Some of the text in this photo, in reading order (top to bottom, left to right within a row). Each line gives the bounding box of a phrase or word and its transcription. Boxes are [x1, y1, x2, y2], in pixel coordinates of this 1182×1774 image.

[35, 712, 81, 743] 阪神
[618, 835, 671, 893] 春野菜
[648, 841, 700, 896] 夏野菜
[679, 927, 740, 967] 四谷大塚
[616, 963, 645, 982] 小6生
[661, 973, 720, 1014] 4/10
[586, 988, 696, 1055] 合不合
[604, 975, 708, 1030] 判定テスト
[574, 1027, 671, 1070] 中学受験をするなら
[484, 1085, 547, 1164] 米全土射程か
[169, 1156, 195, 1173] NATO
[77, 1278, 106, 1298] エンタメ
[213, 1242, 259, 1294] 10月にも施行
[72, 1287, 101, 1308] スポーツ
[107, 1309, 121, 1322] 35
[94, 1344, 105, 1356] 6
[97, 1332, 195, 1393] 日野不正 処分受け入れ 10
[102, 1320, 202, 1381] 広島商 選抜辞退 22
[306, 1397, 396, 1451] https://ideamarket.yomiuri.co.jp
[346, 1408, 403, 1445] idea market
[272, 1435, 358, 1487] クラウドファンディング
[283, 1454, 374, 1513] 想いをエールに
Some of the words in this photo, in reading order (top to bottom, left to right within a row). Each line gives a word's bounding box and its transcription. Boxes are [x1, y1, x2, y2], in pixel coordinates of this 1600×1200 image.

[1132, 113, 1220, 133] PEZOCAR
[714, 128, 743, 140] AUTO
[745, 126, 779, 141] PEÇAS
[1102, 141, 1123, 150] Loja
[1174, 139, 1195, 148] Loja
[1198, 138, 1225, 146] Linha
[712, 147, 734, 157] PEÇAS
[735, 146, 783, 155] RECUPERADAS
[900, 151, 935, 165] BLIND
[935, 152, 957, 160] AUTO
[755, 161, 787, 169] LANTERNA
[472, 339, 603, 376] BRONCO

──────────────────────────────

### About this exercise:
Output the listing above in full. Every line must match.

### Result:
Some of the text in this photo, in reading order (top to bottom, left to right within a row). Each line gives the bounding box of a phrase or word and its transcription. Boxes are [x1, y1, x2, y2], in pixel coordinates of this 1182×1774 image.

[35, 712, 81, 743] 阪神
[618, 835, 671, 893] 春野菜
[648, 841, 700, 896] 夏野菜
[679, 927, 740, 967] 四谷大塚
[616, 963, 645, 982] 小6生
[661, 973, 720, 1014] 4/10
[586, 988, 696, 1055] 合不合
[604, 975, 708, 1030] 判定テスト
[574, 1027, 671, 1070] 中学受験をするなら
[484, 1085, 547, 1164] 米全土射程か
[169, 1156, 195, 1173] NATO
[77, 1278, 106, 1298] エンタメ
[213, 1242, 259, 1294] 10月にも施行
[72, 1287, 101, 1308] スポーツ
[107, 1309, 121, 1322] 35
[94, 1344, 105, 1356] 6
[97, 1332, 195, 1393] 日野不正 処分受け入れ 10
[102, 1320, 202, 1381] 広島商 選抜辞退 22
[306, 1397, 396, 1451] https://ideamarket.yomiuri.co.jp
[346, 1408, 403, 1445] idea market
[272, 1435, 358, 1487] クラウドファンディング
[283, 1454, 374, 1513] 想いをエールに
Some of the words in this photo, in reading order (top to bottom, left to right within a row). Each line gives a word's bounding box and its transcription. Boxes are [x1, y1, x2, y2], in pixel coordinates of this 1600×1200 image.

[1132, 113, 1220, 133] PEZOCAR
[714, 128, 743, 140] AUTO
[745, 126, 779, 141] PEÇAS
[1102, 141, 1123, 150] Loja
[1174, 139, 1195, 148] Loja
[1198, 138, 1225, 146] Linha
[712, 147, 734, 157] PEÇAS
[735, 146, 783, 155] RECUPERADAS
[900, 151, 935, 165] BLIND
[935, 152, 957, 160] AUTO
[755, 161, 787, 169] LANTERNA
[472, 339, 603, 376] BRONCO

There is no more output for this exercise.